The real essence was what the young man did with that time. He could have gotten impatient (something I know a lot about), and grumbled, sighed, walked away, went shopping, took a nap, try to do something USEFUL with that time instead of just sitting there. Instead for the whole time, he watched the flowers bloom when the sun was high. He watched them close into buds at night. He watched one flower wilt and drop its petals into the water, then studied the stalk, the stamen and the rest of the flower.
On the 11th day the master returned and brought him a brush to paint with. Although his picture showed his naivete of technique, a childish style, the lotus he painted was beautiful. Deep beauty shone from the painting. He had become the lotus and as such, even with poor technique, he could paint something that moved another’s heart.
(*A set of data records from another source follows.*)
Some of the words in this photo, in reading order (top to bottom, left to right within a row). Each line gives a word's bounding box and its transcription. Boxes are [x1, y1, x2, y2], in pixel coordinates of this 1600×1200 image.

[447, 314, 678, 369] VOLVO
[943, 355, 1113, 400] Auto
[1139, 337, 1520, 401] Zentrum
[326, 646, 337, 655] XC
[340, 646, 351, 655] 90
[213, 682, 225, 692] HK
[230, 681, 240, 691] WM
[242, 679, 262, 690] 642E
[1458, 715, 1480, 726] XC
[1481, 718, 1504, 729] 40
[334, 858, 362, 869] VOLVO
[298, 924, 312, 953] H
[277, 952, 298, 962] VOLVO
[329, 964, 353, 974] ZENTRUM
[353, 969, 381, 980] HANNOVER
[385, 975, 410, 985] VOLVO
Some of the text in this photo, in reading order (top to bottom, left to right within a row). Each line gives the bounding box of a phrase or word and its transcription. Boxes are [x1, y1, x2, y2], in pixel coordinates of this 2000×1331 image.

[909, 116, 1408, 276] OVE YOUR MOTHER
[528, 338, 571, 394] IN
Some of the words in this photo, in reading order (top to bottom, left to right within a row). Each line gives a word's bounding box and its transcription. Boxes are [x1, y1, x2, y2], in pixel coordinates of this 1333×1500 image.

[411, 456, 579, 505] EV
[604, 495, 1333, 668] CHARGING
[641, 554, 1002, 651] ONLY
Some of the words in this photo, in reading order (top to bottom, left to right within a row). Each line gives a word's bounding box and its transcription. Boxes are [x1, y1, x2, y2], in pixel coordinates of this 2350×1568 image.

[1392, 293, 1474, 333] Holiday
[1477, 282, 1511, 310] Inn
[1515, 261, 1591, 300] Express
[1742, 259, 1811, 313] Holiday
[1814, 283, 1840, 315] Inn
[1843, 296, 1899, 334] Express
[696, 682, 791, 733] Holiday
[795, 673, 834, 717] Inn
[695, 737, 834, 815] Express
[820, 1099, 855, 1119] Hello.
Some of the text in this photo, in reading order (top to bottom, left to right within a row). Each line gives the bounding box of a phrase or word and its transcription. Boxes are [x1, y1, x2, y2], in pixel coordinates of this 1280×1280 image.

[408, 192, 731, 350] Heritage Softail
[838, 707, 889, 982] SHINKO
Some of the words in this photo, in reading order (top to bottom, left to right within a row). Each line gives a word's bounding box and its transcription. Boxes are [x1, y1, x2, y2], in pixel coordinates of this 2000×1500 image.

Mindfulness and heart. He paid attention to the lotus. He worked from his heart. Writing, really good writing that moves people’s souls, comes from the heart, not the brain. You can write a technically beautiful book but without heart it’s a sterile desert emotionally.
I started out watching fiddler crabs not sure what to expect. I certainly didn’t expect them to have personalities and subtle differences in appearance and actions. And I most certainly didn’t expect to feel such upset as I watched Peter Lorre tumble off his rock, dead.
With any luck, at least a little part of me has become the crab. With just a little more luck, maybe that crab heart will come through in my book. I’d trade a whole bunch of technical expertise for just a handful of heart.
By the way, if of interest to read a good summary of Thich Nhat Hanh’s life, check out this link at Parallax Press.
“The real voyage of discovery consists not in seeking new landscapes, but in having new eyes.”